En ese contexto, los jóvenes y los adultos mayores son los más complicados con el nivel de deuda, al igual que como ocurre con diferentes indicadores económicos. En términos laborales, el primer segmento presenta la tasa más alta de desocupación (16,8% en mujeres y 16,2% en varones), así como también alarma la tasa de informalidad (67,4% en el tercer trimestre de 2025), mientras que los segundos hace años ven a sus haberes perder poder adquisitivo (cayeron 40% entre 2017 y 2025).

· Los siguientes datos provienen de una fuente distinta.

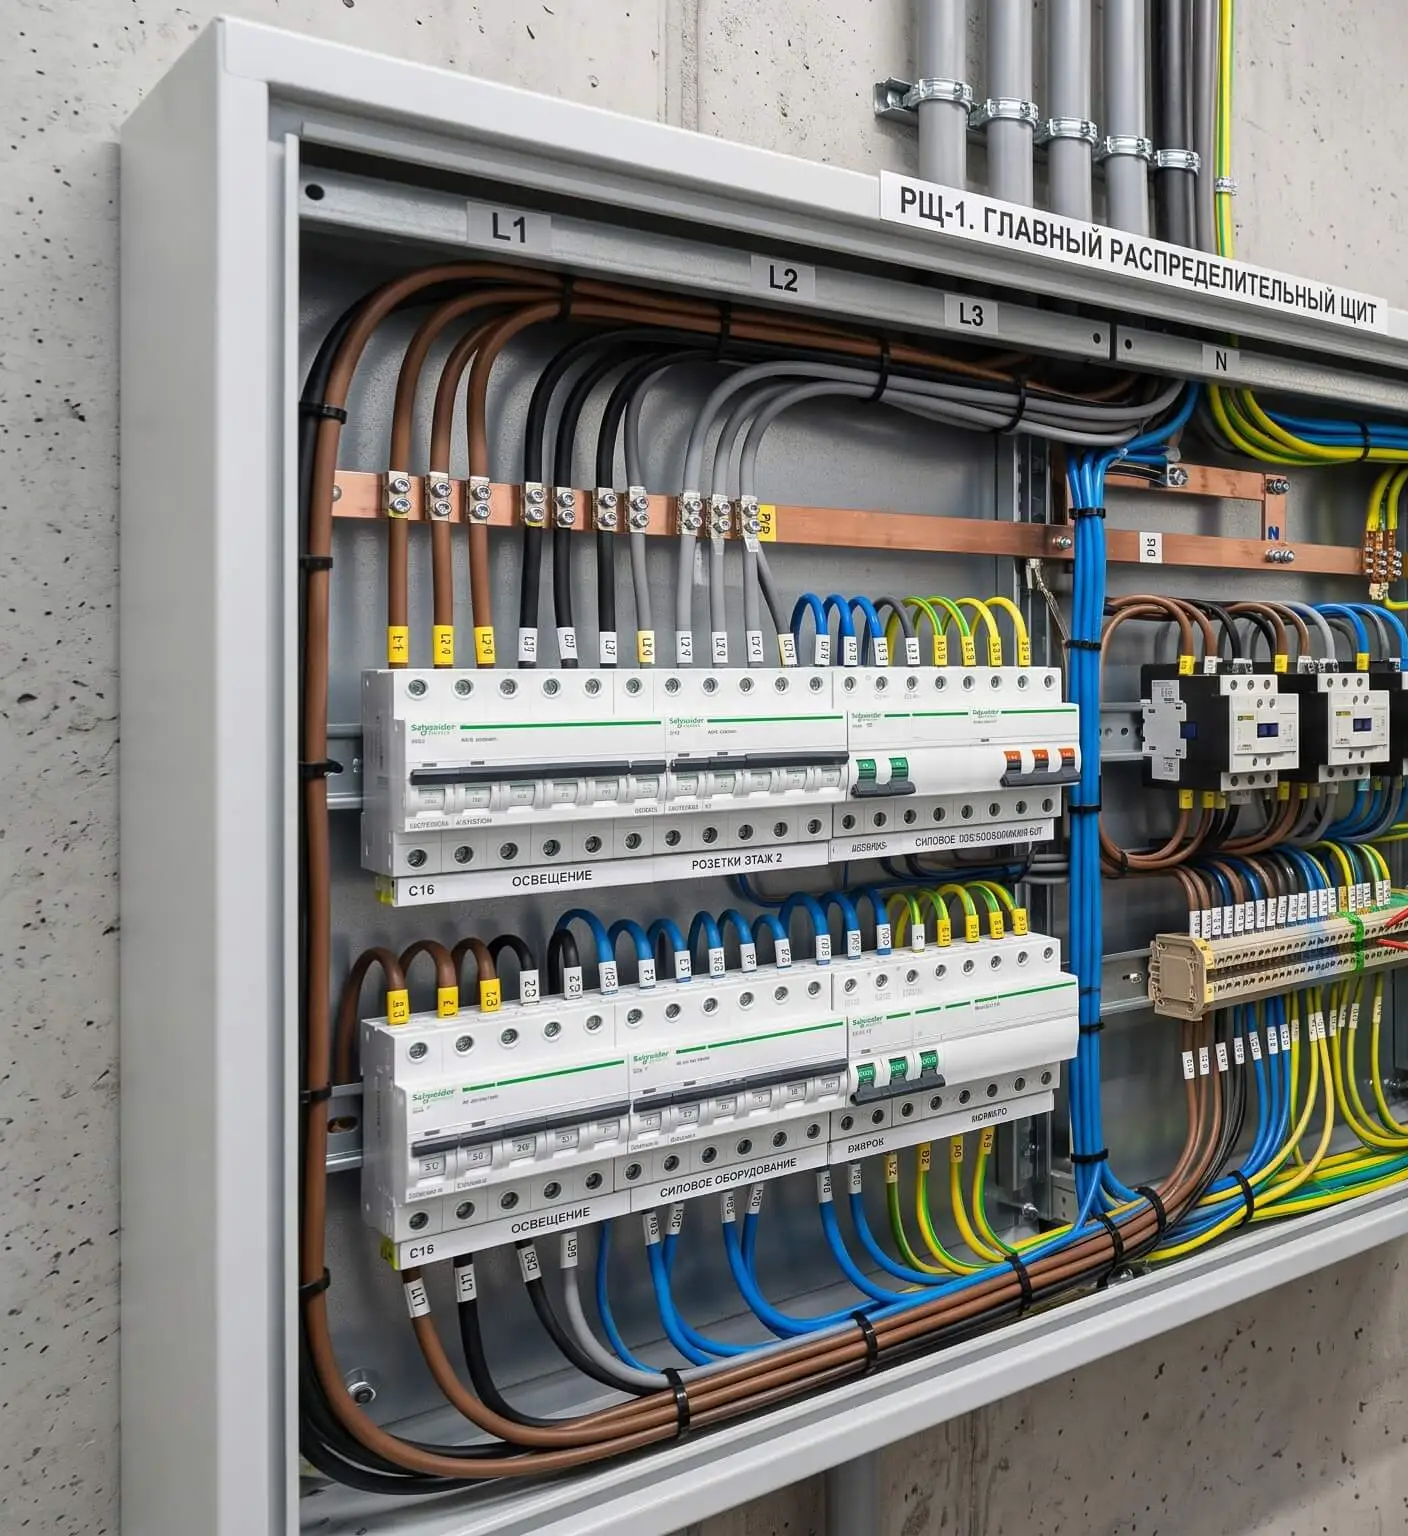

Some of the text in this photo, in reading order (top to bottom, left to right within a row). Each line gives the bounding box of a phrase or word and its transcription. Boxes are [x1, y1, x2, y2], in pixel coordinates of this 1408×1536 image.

[491, 212, 527, 244] L1
[900, 186, 1377, 325] РЩ-1. ГЛАВНЫЙ РАСПРЕДЕЛИТЕЛЬНЫЙ ЩИТ
[769, 264, 798, 292] L2
[959, 302, 984, 327] L3
[1215, 351, 1227, 371] N
[1268, 526, 1280, 540] N
[692, 856, 741, 870] РОЗЕТКИ
[776, 853, 782, 862] 2
[512, 869, 593, 888] ОСВЕЩЕНИЕ
[715, 1158, 797, 1185] ОБОРУДОВАНИЕ
[511, 1206, 591, 1234] ОСВЕЩЕНИЕ
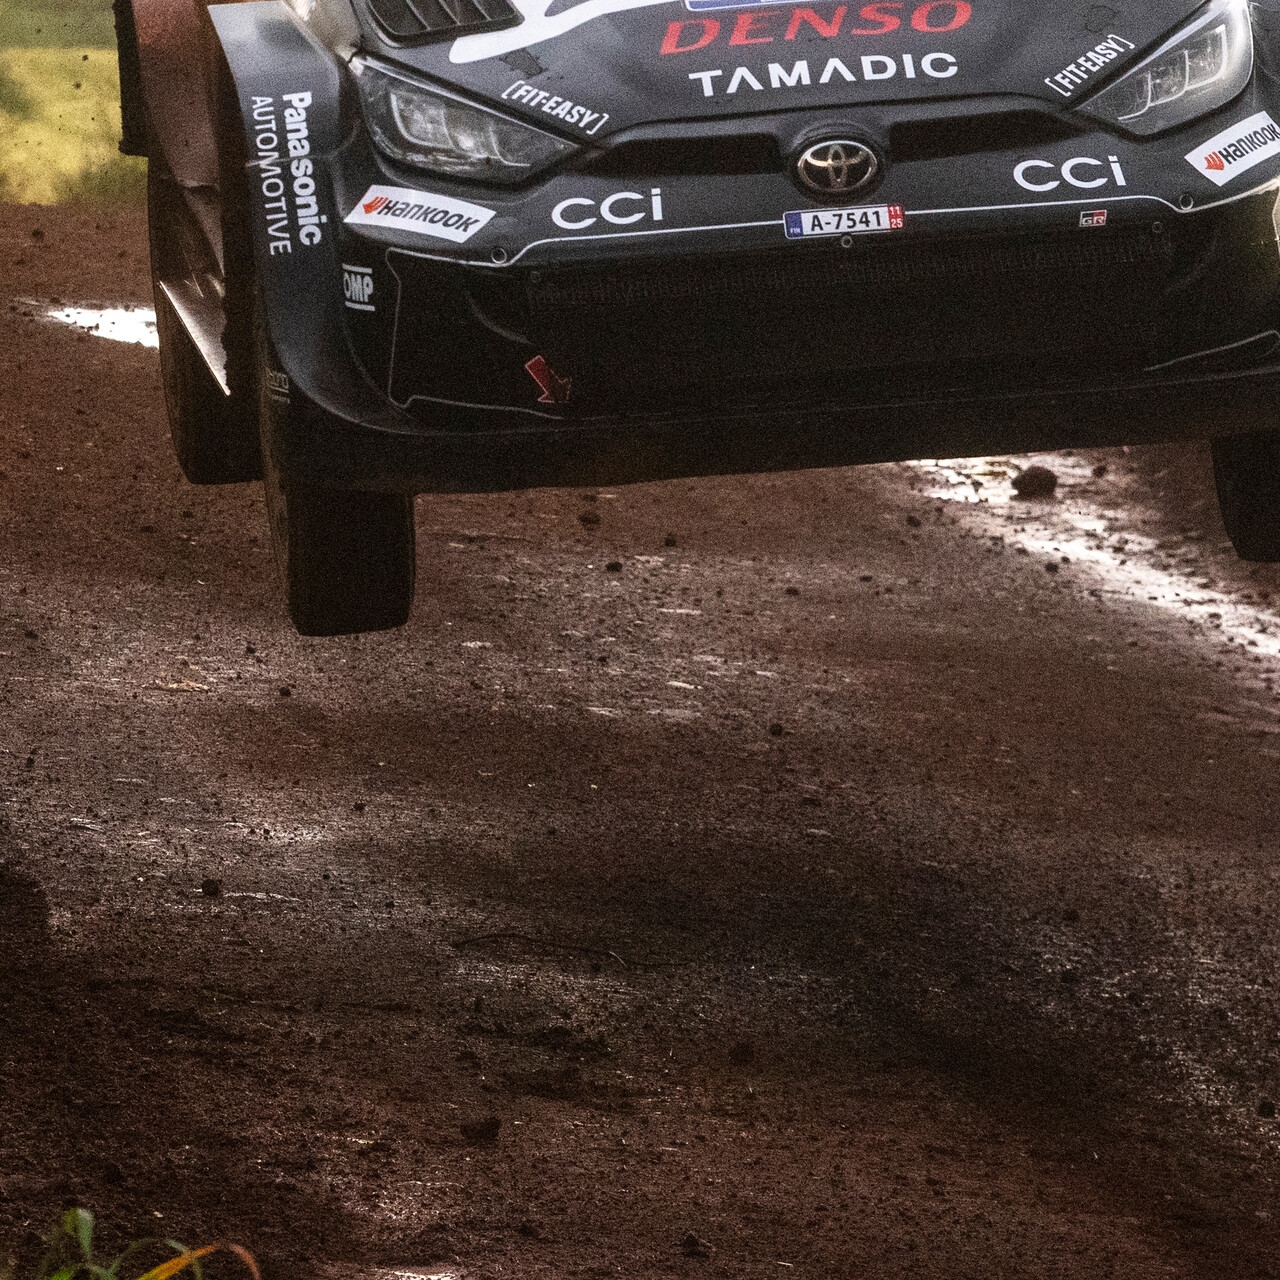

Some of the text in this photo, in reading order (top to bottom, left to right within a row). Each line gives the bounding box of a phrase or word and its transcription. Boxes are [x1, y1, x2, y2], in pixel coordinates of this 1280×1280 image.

[659, 0, 972, 55] DENSO
[688, 52, 958, 97] TAMADIC
[251, 96, 291, 255] AUTOMOTIVE
[282, 90, 326, 246] Panasonic
[811, 211, 881, 231] A-7541
[889, 206, 901, 215] 11
[891, 218, 903, 228] 25
[1082, 213, 1106, 226] GR
[343, 270, 374, 303] OMP

Tal es así que, a nivel nacional, la irregularidad entre los jóvenes de 18 a 21 años alcanzó el 37,2% en el primer mes del año, más que duplicándose en términos interanuales; mientras que en los adultos mayores casi cuadruplicó el nivel de un año atrás (2,21% enero 2025), superando el 8%. Si bien la tasa es baja, no deja de preocupar el crecimiento acelerado.
El endeudamiento de las familias refleja un contexto económico aún más complejo, donde los ingresos pierden contra la inflación y el mercado laboral muestra signos de fragilidad. En paralelo, el crédito, especialmente el de corto plazo, se expandió con rapidez, generando una mayor exposición al riesgo.

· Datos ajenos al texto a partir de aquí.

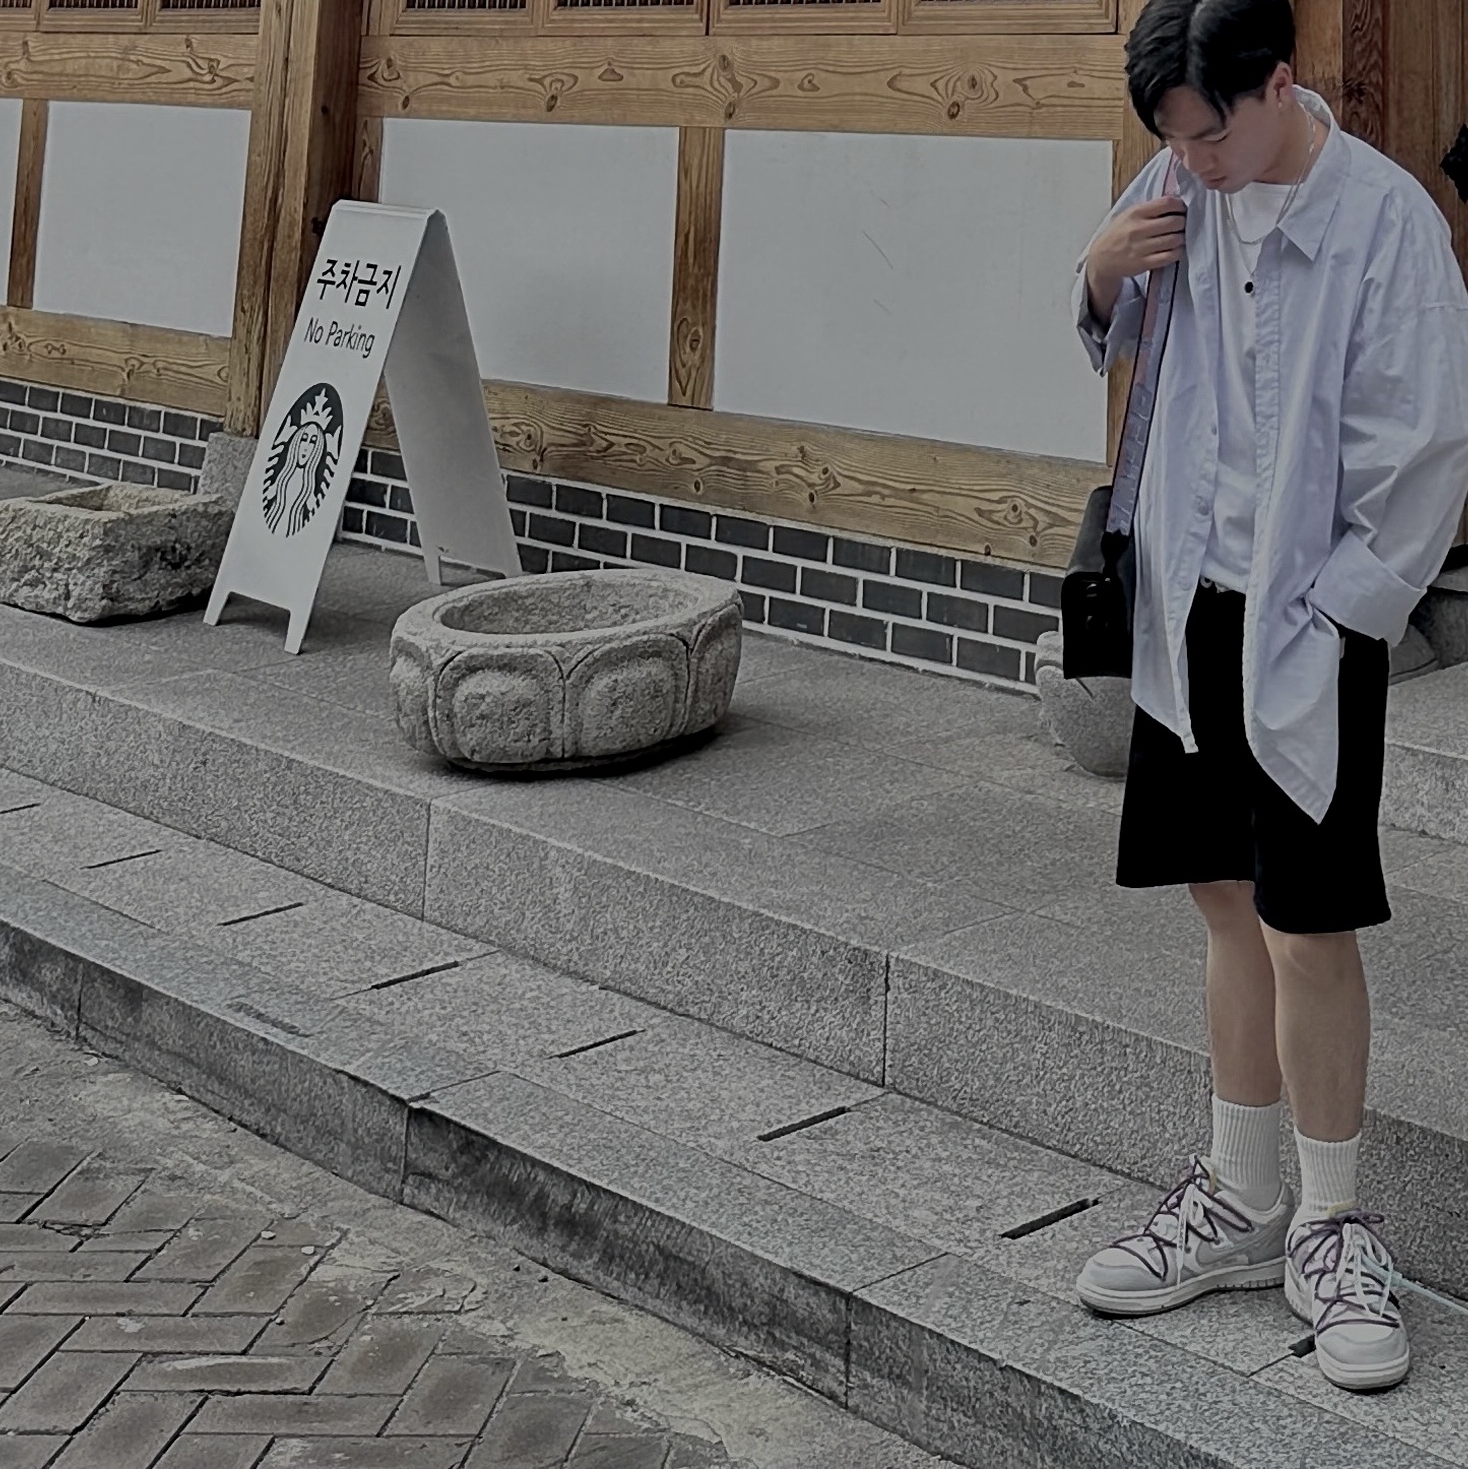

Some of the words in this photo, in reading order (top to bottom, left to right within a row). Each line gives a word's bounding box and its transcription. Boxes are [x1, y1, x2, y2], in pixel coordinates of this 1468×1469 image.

Entre los jóvenes, además, juega un rol central el crecimiento del crédito digital. Esto se refleja en la irregularidad de las fintech, que es más elevada que en los bancos (42,2% contra 34,3%), lo que evidencia que el acceso más flexible al financiamiento no siempre va acompañado de capacidad de repago. Entre los adultos mayores, el financiamiento vía fintech también muestra niveles de mora más altos 18% frente a 6,8%).
Con jóvenes que ingresan al sistema financiero en condiciones precarias y jubilados que recurren al endeudamiento para sostener ingresos insuficientes, el mapa social del crédito vuelve a tensarse.